Uncle Ralph Teaches The School a Thing or Two

Some episodes ago, now, I boasted here (perhaps in misguided self-satisfaction) that our family had observed such proper perfection over the years that none of us ever sinned by running for public office. This, like all protestations of human purity, seems to have an exception, and I was just reminded of it by a young lady of our acquaintance who stopped by to chat. She teaches English in a high-tax consolidated school system that runs about thus and so, and so on and so on and so forth and you name it.

This, you see, made me reflect that one time my Uncle Ralph, the country storekeeper, got himself elected to the school committee. The reforms he effected may not be important, but may have the virtue of being amusing.

The community in which Uncle Ralph kept his general store had a mixed population. Basically Yankee, the old-seed stock had been augmented by several immigrant groups who, or which, at the time were eager to keep their separate heritages pure in the face of equal opportunities.

German, Scottish, Scandinavian, Polish, Russian, numerically numerous French-Canadians, and others in smaller minorities, had all been drawn to Maine to find work on farms, in the woods, and in the mills. They were segregated as bohunks, Swedes, krauts, and various gentilities, and my Uncle Ralph said he could trust all of them except the scheming Yankees who, he said, could steal the eyes out of your head and you looking at them.

Not too often, but once in a while, my Uncle Ralph would put on a souvenir derby hat when he pumped gasoline, and tourists thought he was a Yiddish merchant. I say these things to give you some idea of how things were.

And one fall, the day after school opened, a youngster came into the store on his way home and asked Uncle Ralph if maybe there might be some small after-school work he could do to earn a little money. He said his name was Chippy LaTouche and his father was Girard LaTouche, a loom-fixer in the Spaulding cotton mill.

Uncle Ralph, by that time, was conversant in all local languages, and he liked the way Chippy handled his English when he tried to avoid the French he was fetched up in. Uncle Ralph said he'd find things for Chippy to do, and made Chippy a member of the organization by giving him a bright red cap that said, "R.E. Gould, Gen'l Merch." Chippy's first job as general superintendent was to put five barrels of new potatoes in one-peck bags.

Uncle Ralph always characterized Chip as basically intelligent but not book-smart, and as Chip became closer to Uncle Ralph my uncle took a special interest in the kid and coached him in his school lessons.
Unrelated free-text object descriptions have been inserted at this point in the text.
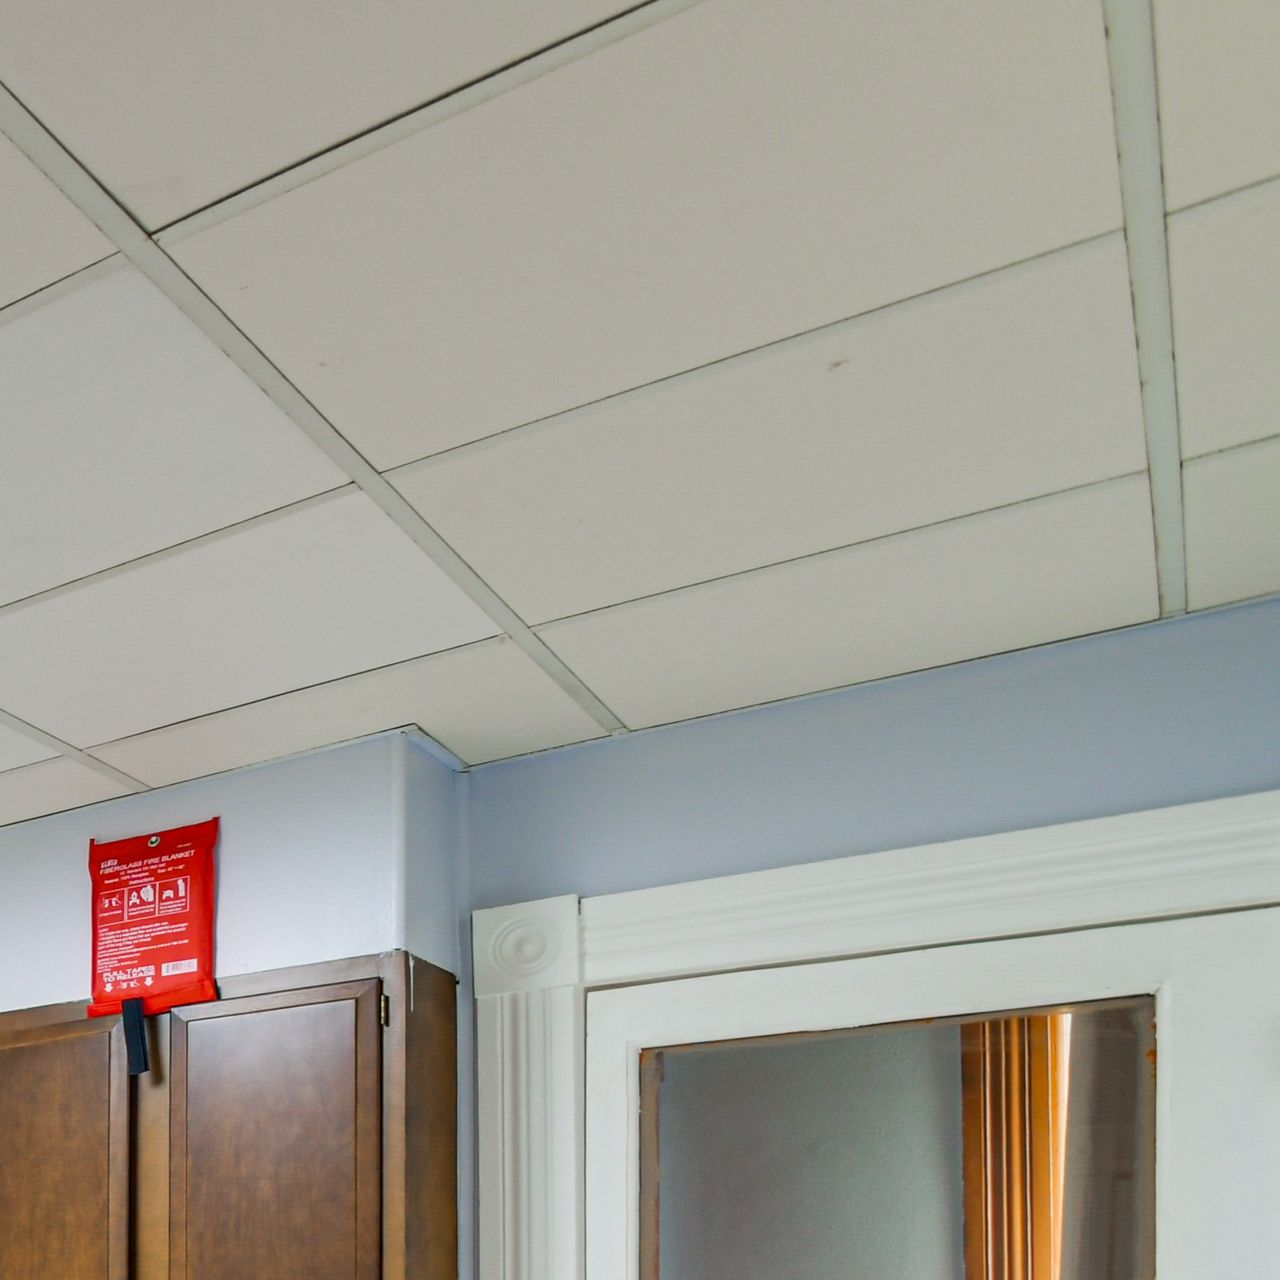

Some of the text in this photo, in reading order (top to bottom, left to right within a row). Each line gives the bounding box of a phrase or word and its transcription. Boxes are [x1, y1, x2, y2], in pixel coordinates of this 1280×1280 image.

[100, 860, 142, 875] FIBERGLASS
[143, 857, 160, 866] FIRE
[161, 850, 195, 862] BLANKET
[103, 965, 155, 979] PULL TAPES
[103, 971, 155, 983] TO RELEASE
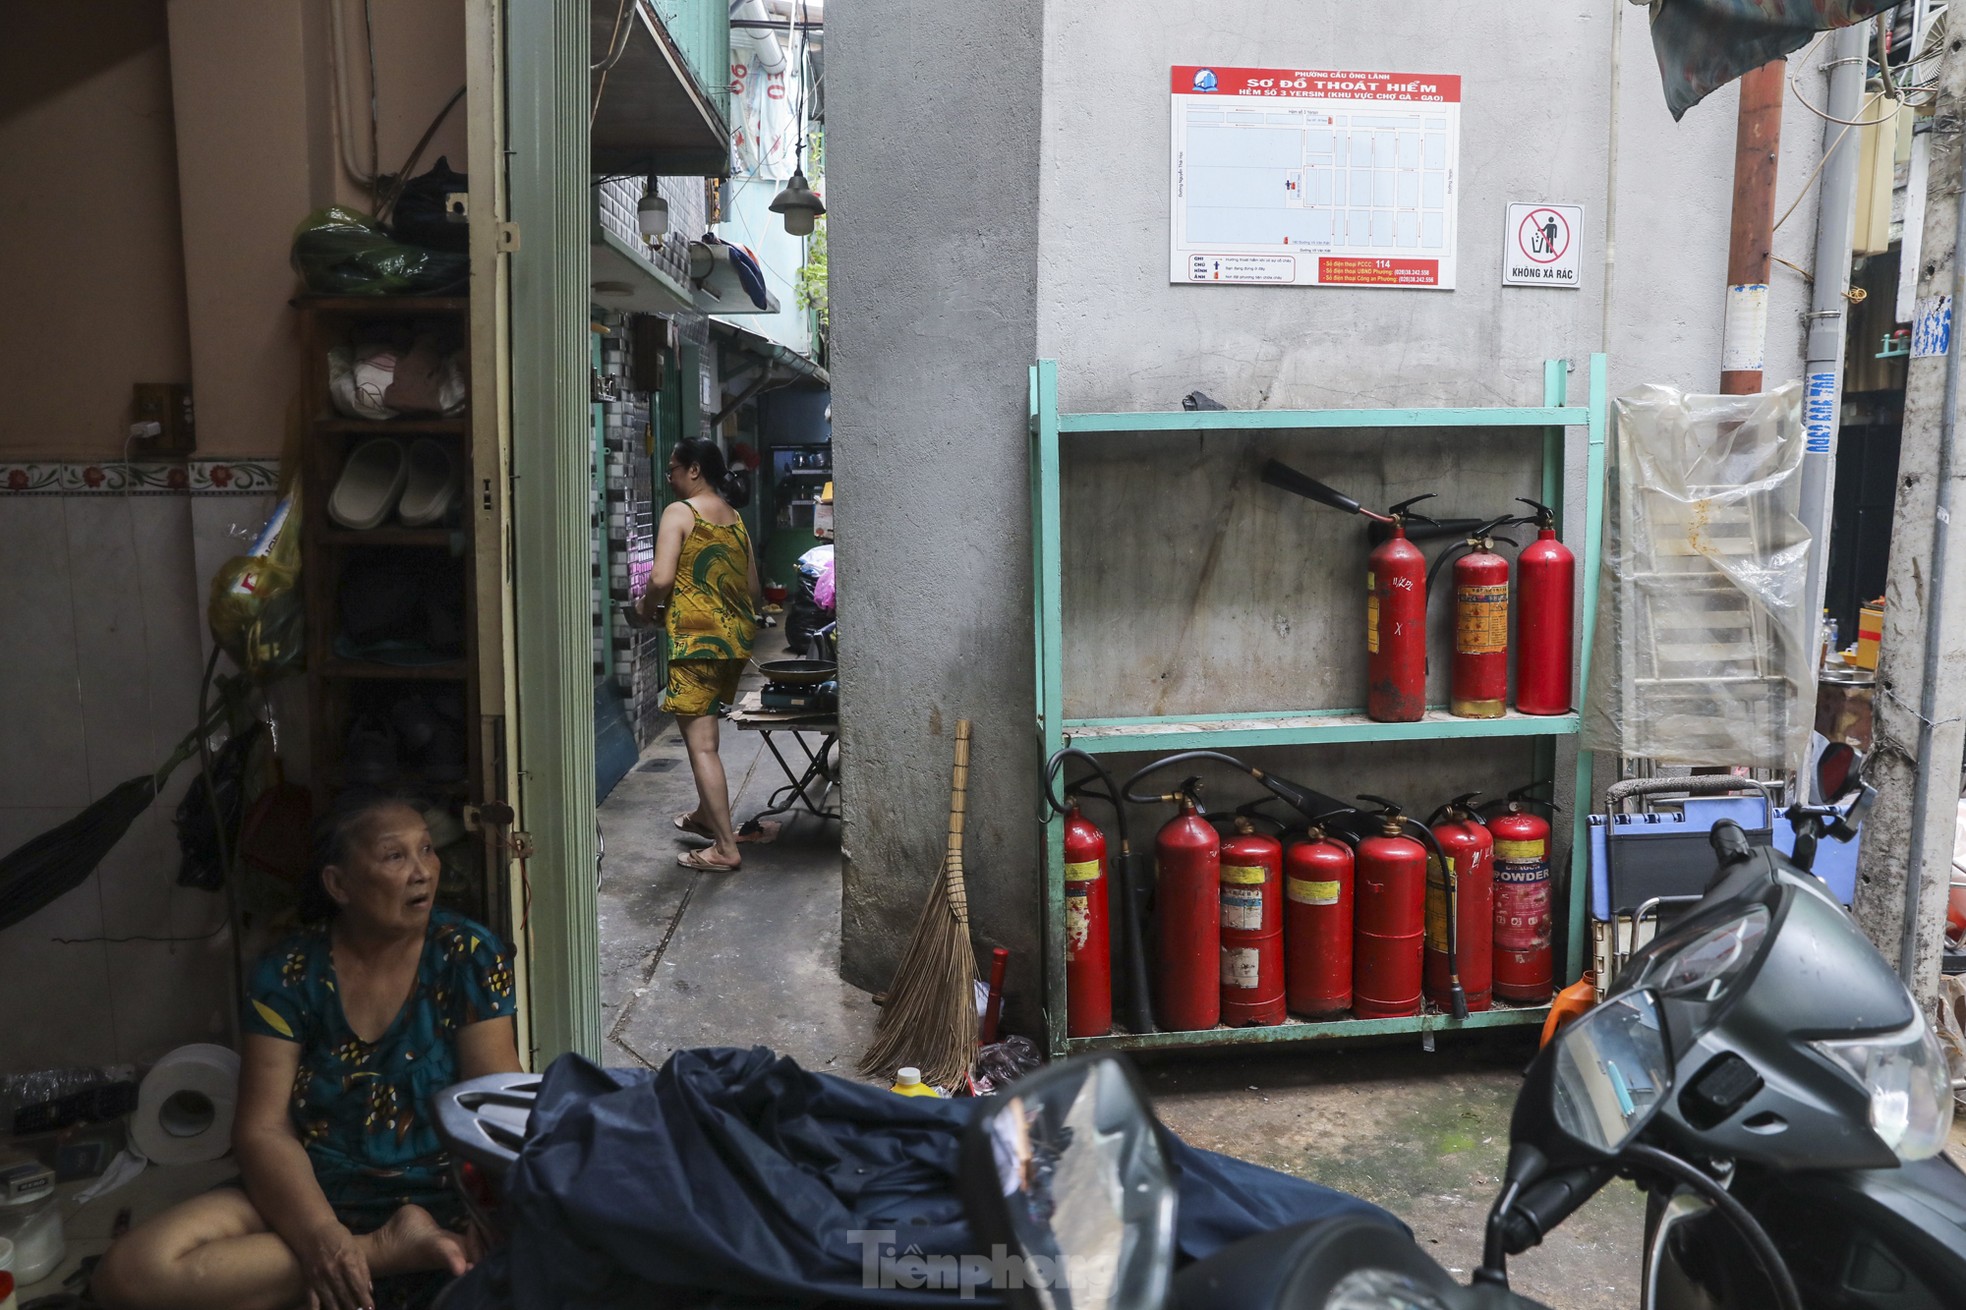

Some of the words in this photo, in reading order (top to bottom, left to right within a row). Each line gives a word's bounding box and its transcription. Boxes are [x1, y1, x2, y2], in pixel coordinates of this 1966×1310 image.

[1247, 78, 1274, 88] SƠ
[1279, 78, 1307, 89] ĐỒ
[1314, 80, 1379, 91] THOÁT
[1387, 80, 1437, 93] HIỂM
[1264, 88, 1278, 96] SỐ
[1354, 92, 1374, 100] VỰC
[1376, 93, 1397, 101] CHỢ
[1399, 92, 1411, 100] GÀ
[1376, 260, 1391, 268] 114
[1512, 265, 1541, 278] KHÔNG
[1543, 267, 1554, 278] XẢ
[1556, 268, 1573, 279] RÁC
[1494, 869, 1550, 883] POWDER
He found Chip willing, and reasonably smart. Chip at once became able in English.

So it was, you understand, that in no time at all, for two or three hours after school and all day Saturdays, Chip came to know all there was to know about a country store. He swept, he bagged onions, he helped make sausages, he memorized prices, he corned the beef, he tidied the shelves, he measured yard goods, and he even sat in when salesmen called because he knew if corn flakes were low or if the overshoes were sold out.

So time ran along, and one evening as the store was being locked up Chippy said to my uncle, "I can come in all day now, I'm quitting school." Uncle Ralph said, "What's this all about?"
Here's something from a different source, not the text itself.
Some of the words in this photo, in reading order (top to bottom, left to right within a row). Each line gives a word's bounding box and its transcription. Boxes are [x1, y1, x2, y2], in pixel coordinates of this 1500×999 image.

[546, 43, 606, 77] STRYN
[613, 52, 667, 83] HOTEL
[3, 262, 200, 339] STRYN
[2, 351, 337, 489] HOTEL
Chippy said the teachers didn't like him, they didn't want him in school. They said he was stupid, he was dumb, he couldn't do fractions, and he was just wasting everybody's time, including his own. Uncle Ralph heard him out, and said, "You stay in school; we'll work something out."

Well, the next afternoon, before school-out, Uncle Ralph walked to the town offices and went in to see the superintendent of schools. He opened the meeting by asking, "What makes you hire so much cheap help?" Thus well begun, he asked the super to come by the store the next afternoon and bring the math teacher.

AND as the math teacher who had said Chip couldn't do fractions and the superintendent and Uncle Ralph were in Uncle Ralph's little office, Chippy came in from school and stuck his head in to report on duty.

My uncle said, "Oh, Chip, I bought a hog today from Farmer Bodurkey. Go weigh it out and pay him at 22-1/2 cents a pound, and give him a nickel's worth of montevideos to treat his youngsters. He and the hog are awaiting your undivided attention."

So Chip came back after a few minutes and handed my Uncle Ralph a slip of paper that said, 284-1/4.

"You paid him?" my uncle asked.

"Yes, sir."

"You gave him a treat?"

"Yes, sir."

"You put a record in the register?"

"Yes, sir."

Uncle Ralph passed Chip's little slip of paper to the math teacher and said, "This is the boy you said can't do fractions."

Chippy did stay in school, and even if he didn't win a Rhodes scholarship he could weigh a hog first-rate. And tempted by this small incident, my Uncle Ralph did run for the school board. He got elected and found a new math teacher. After that, as long as he kept the store, if he heard that some neighborhood boy was falling behind in school he'd ask the lad to come in and bag a few potatoes.

He said that was a good place to start. If a kiddo learned to bag pertatters, up was the only way left to go.